We're still looking into approaches similar to option 2 above. Our first attempt wasn't viable. Unfortunately, this issue is much less straightforward to resolve than it sounds.

We are now assessing a different approach, but it is still an investigation in progress and we don't yet know whether it will be viable. We'll update you here as we learn more about the viability of this different approach.

jlrcontegix commented 1 year ago

Hi all,

I wanted to acknowledge that we're aware that this issue still exists in the latest versions of Consul, and that it's troublesome to have a WARN appear in your logs that doesn't need attention and may distract from unrelated troubleshooting efforts.

We're still looking into approaches similar to option 2 above. Our first attempt wasn't viable. Unfortunately, this issue is much less straightforward to resolve than it sounds.

We are now assessing a different approach, but it is still an investigation in progress and we don't yet know whether it will be viable. We'll update you here as we learn more about the viability of this different approach.

It may be worth mentioning somewhere under https://developer.hashicorp.com/consul/docs/upgrading since the issue has been around a while, and sounds like it may be for some time. We upgraded from 1.9.3 and while we didn't experience any problems these messages gave us quite a bit of panic until this thread was found.

kisunji commented 1 year ago

PR https://github.com/hashicorp/consul/pull/15701 has been merged and should land in the next patch versions for 1.14.x, 1.13.x and 1.12.x. Keeping this issue open for now to wait for feedback from the community.

My PR should fix the periodic WARN logs during server shuffling which occurs every ~2 mins by default.

Note that you may continue to encounter some WARNs on agent startup and on very infrequent occasions.

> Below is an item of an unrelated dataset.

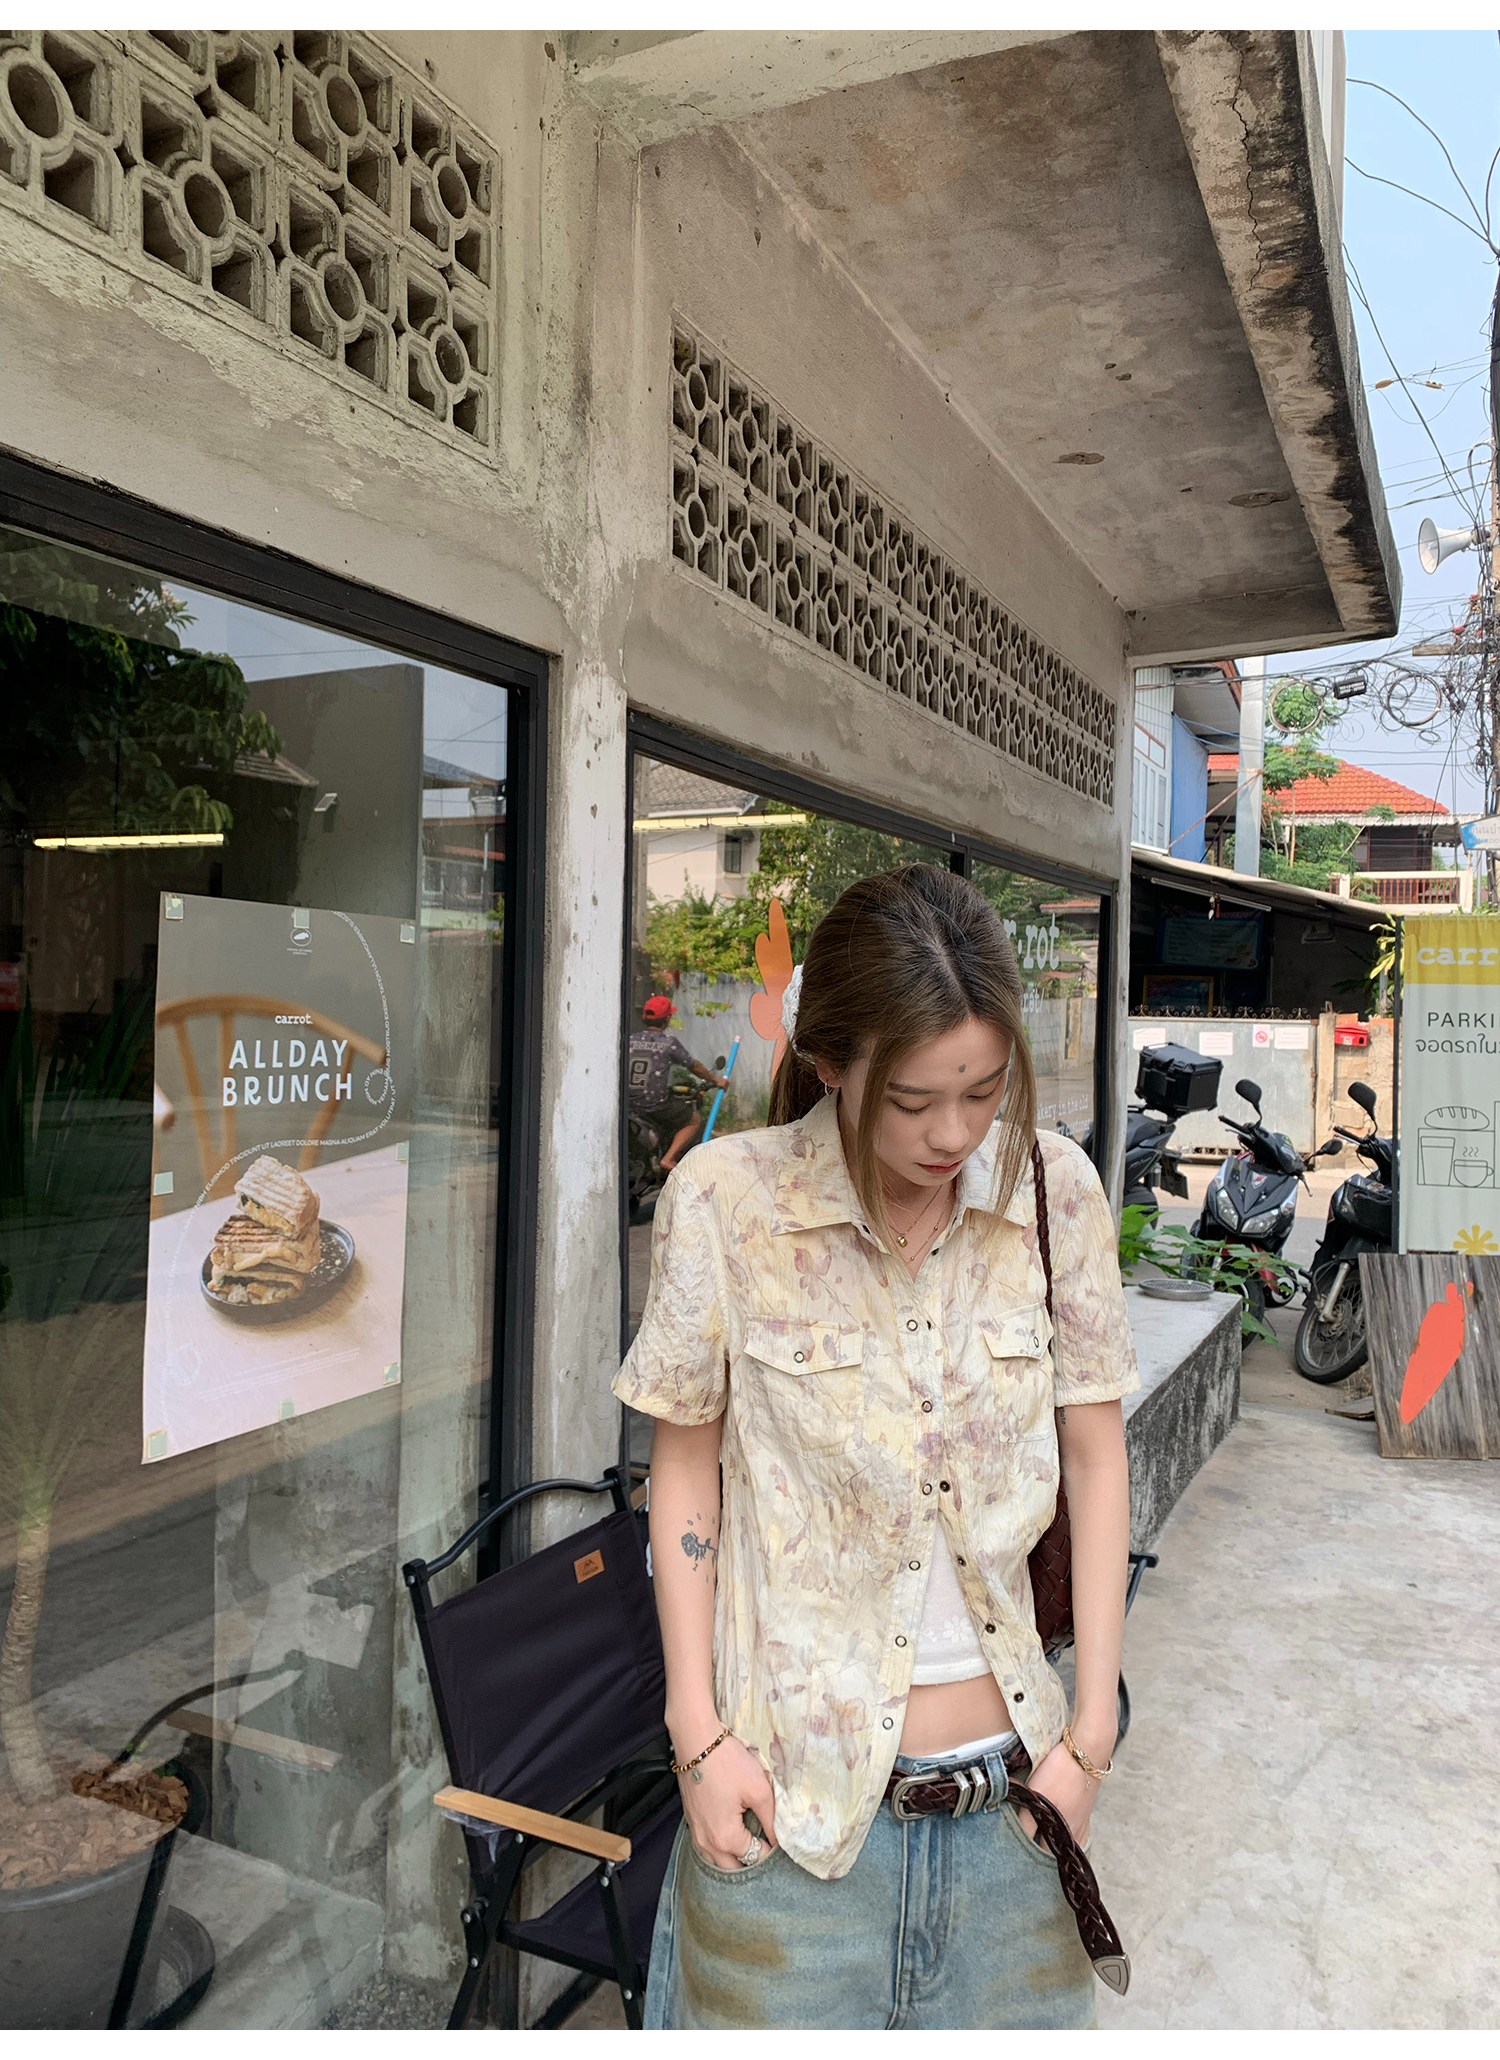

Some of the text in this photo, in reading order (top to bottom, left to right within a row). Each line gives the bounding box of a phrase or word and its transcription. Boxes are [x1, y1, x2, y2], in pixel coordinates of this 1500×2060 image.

This is a related but separate issue https://github.com/hashicorp/consul/issues/15821

kong62 commented 1 year ago

same on consul 1.14.2

2023-01-06T05:49:31.453Z [WARN]  agent: [core][Channel #1 SubChannel #1017602] grpc: addrConn.createTransport failed to connect to {
  "Addr": "dc1-192.168.48.74:8300",
  "ServerName": "consul-server-2.dc1",
  "Attributes": null,
  "BalancerAttributes": null,
  "Type": 0,
  "Metadata": null
}. Err: connection error: desc = "transport: Error while dialing dial tcp <nil>->192.168.48.74:8300: operation was canceled"
jkirschner-hashicorp commented 1 year ago

Hi @kong62,

The issue is expected to still be present in 1.14.2. It will be fixed as of the next set of patch releases (1.14.4, 1.13.6, and 1.12.9).